2. MEDIDAS SÓCIO-EDUCATIVAS: APLICAÇÃO E EFICÁCIA

            Relutando-se ou não em nomeá-las como medidas sócio-educativas, as reprimendas impostas aos menores infratores não se furta do caráter punitivo-sancional, embora alguns doutrinadores as queiram colocar livre do enfoque penalista. O que se apura é a mesma coisa, ou seja, ato definido como crime ou contravenção penal.

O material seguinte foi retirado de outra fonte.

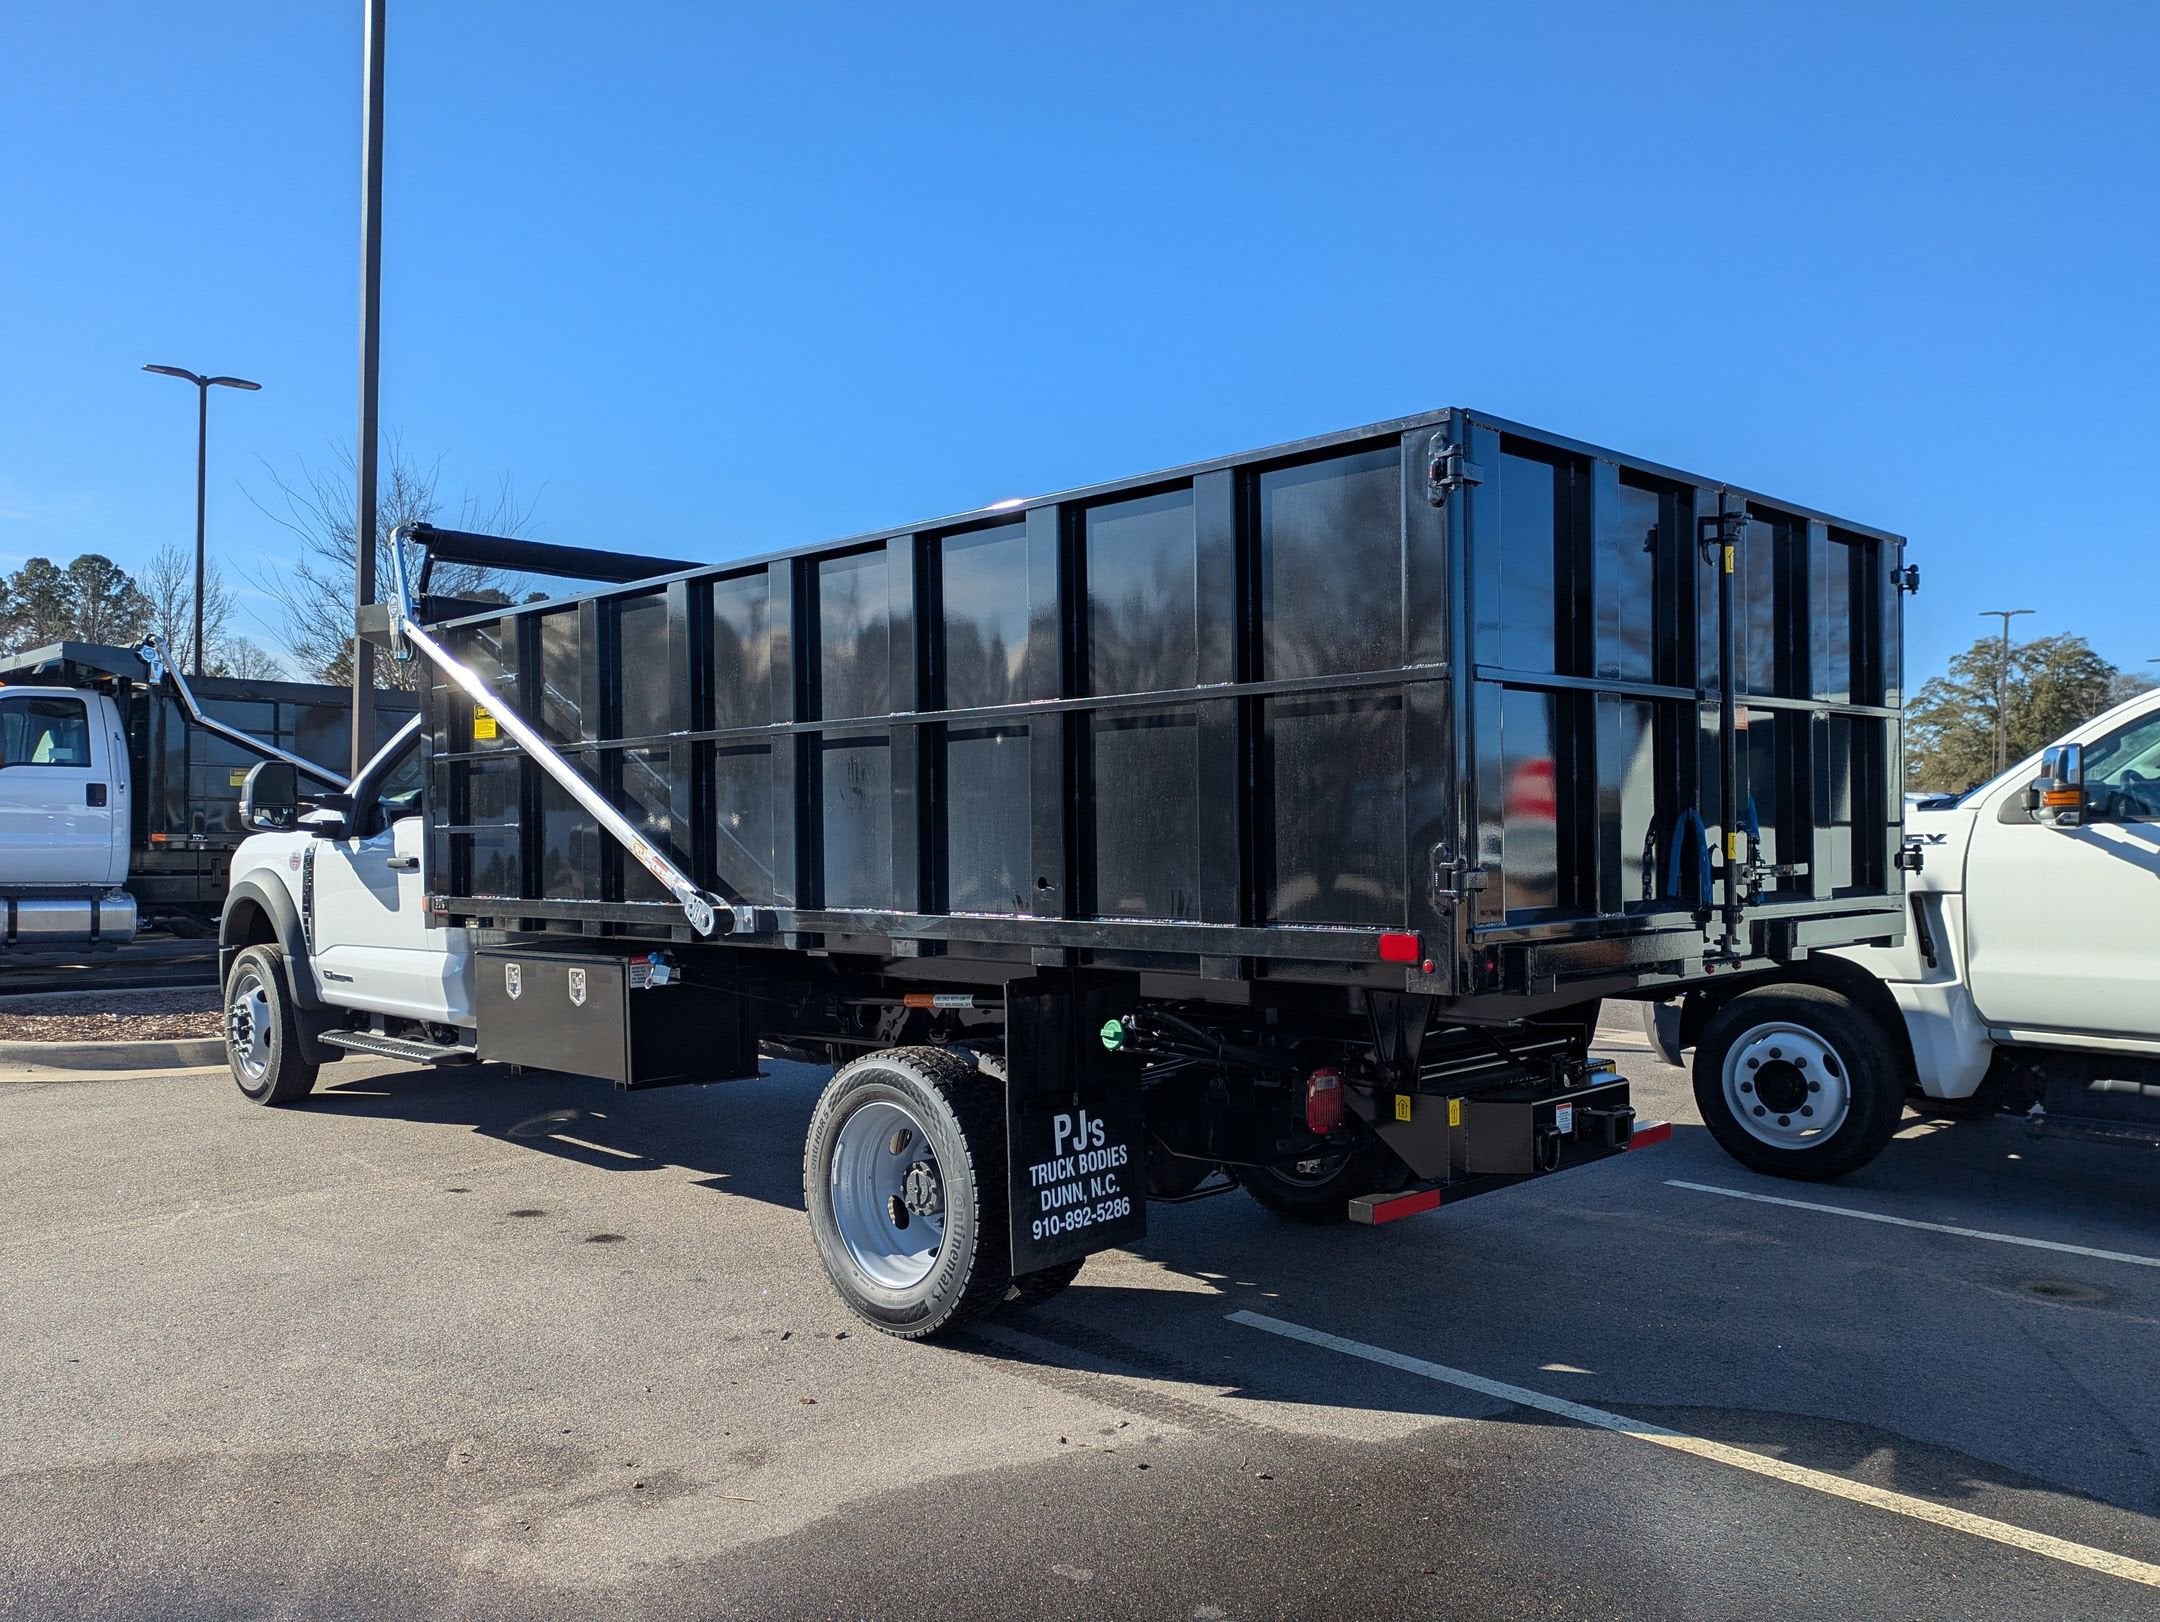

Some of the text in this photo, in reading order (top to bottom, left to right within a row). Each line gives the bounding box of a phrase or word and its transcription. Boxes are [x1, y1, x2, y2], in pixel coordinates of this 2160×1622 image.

            Orienta GUSMÃO apud PAULA (1989, p.469) na justificação de seu esboço:

            ... o Juiz fará a aplicação das medidas segundo a sua adaptação ao caso concreto, atendendo aos motivos e circunstâncias do fato, condições do menor e antecedentes. A liberdade, assim, do magistrado é a mais ampla possível, de sorte que se faça uma perfeita individualização do tratamento. O menor que revelar periculosidade será internado até que mediante parecer técnico do órgão administrativo competente e pronunciamento do Ministério Público, seja decretado pelo juiz a cessação da periculosidade, assim, é um traço marcante no tratamento de menores. Toda vez que o juiz verifique a existência da periculosidade, ela lhe impõe a defesa social e ele, está na obrigação de determinar a internação.

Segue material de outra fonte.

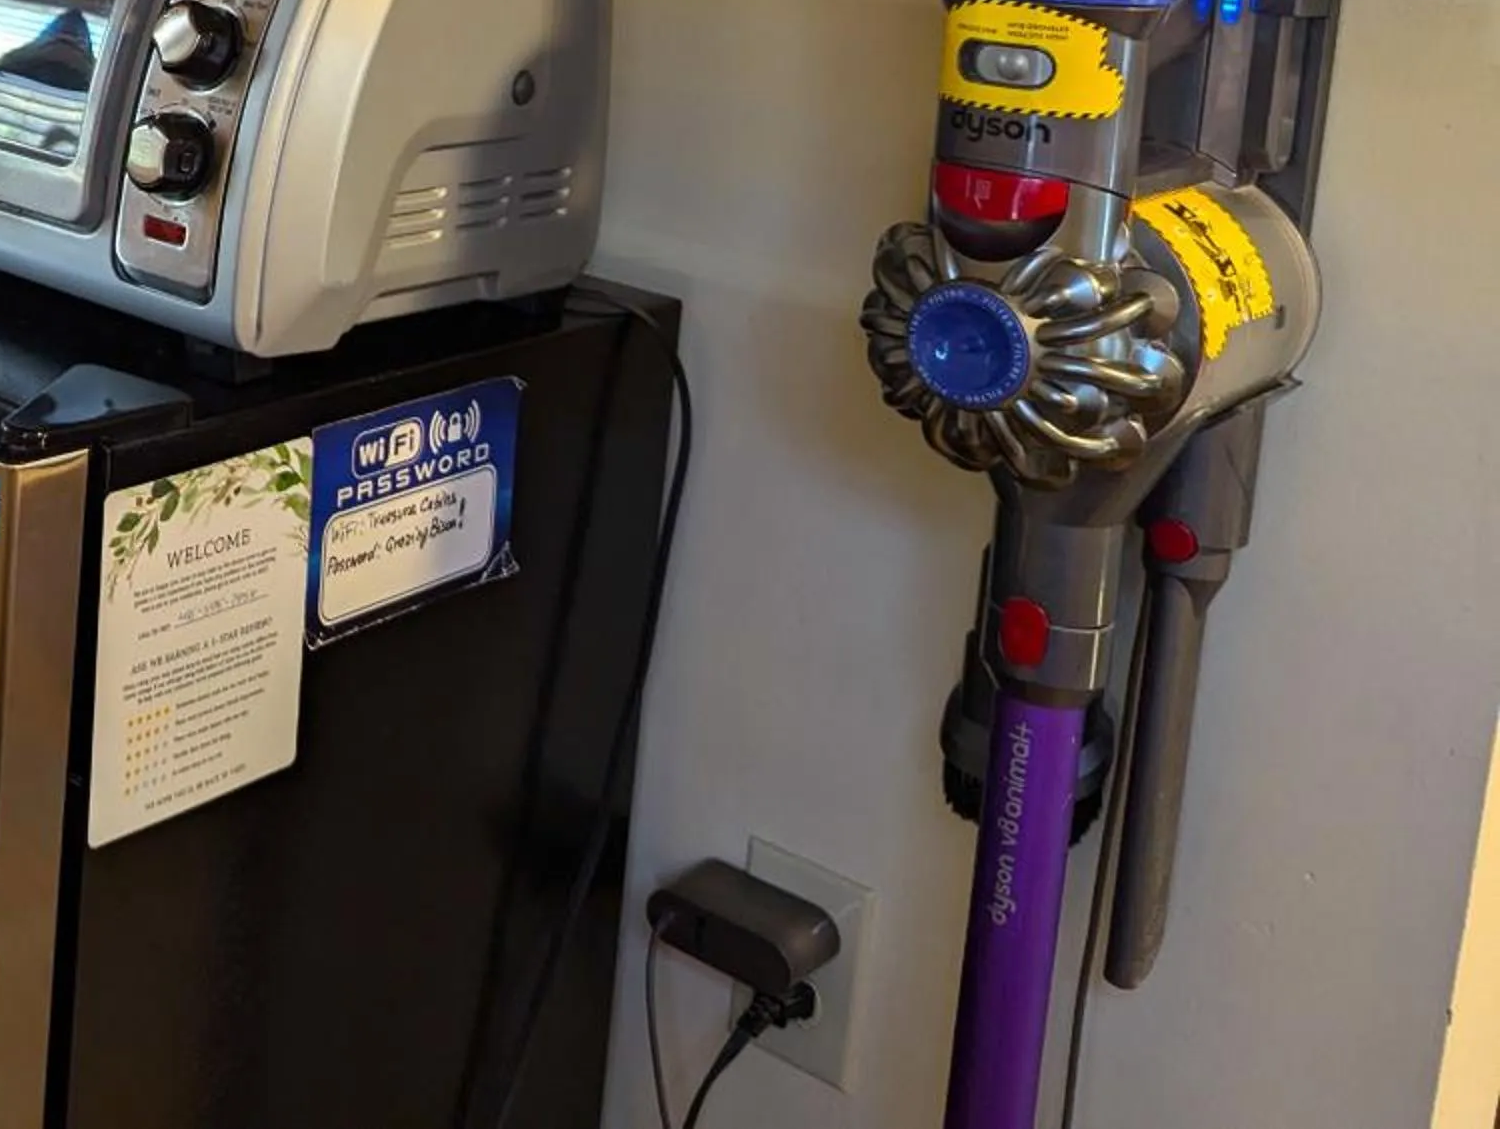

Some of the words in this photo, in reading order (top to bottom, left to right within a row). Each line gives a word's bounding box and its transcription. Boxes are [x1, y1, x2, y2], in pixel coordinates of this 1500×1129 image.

[950, 108, 1051, 143] dyson
[357, 428, 417, 468] WiFi
[336, 443, 490, 509] PASSWORD
[166, 528, 252, 569] WELCOME
[989, 854, 1017, 926] dyson

            Contudo, ao administrar as medidas sócio-educativas, o Juiz da Infância e da Juventude não se aterá apenas às circunstâncias e à gravidade do delito, mas sobretudo, às condições pessoais do adolescente, sua personalidade, suas referências familiares e sociais, bem como a sua capacidade de cumpri-la.

            2.1.Da Advertência

            Talvez seja a medida de maior tradição no Direito do Menor, tendo constado tanto no primeiro Código de Menores pátrio, o Código Mello Mattos, de 1927, no art. 175, como também no Código de Menores de 1979, no art. 14, I, figurando entre as chamadas "Medidas de Assistência e Proteção".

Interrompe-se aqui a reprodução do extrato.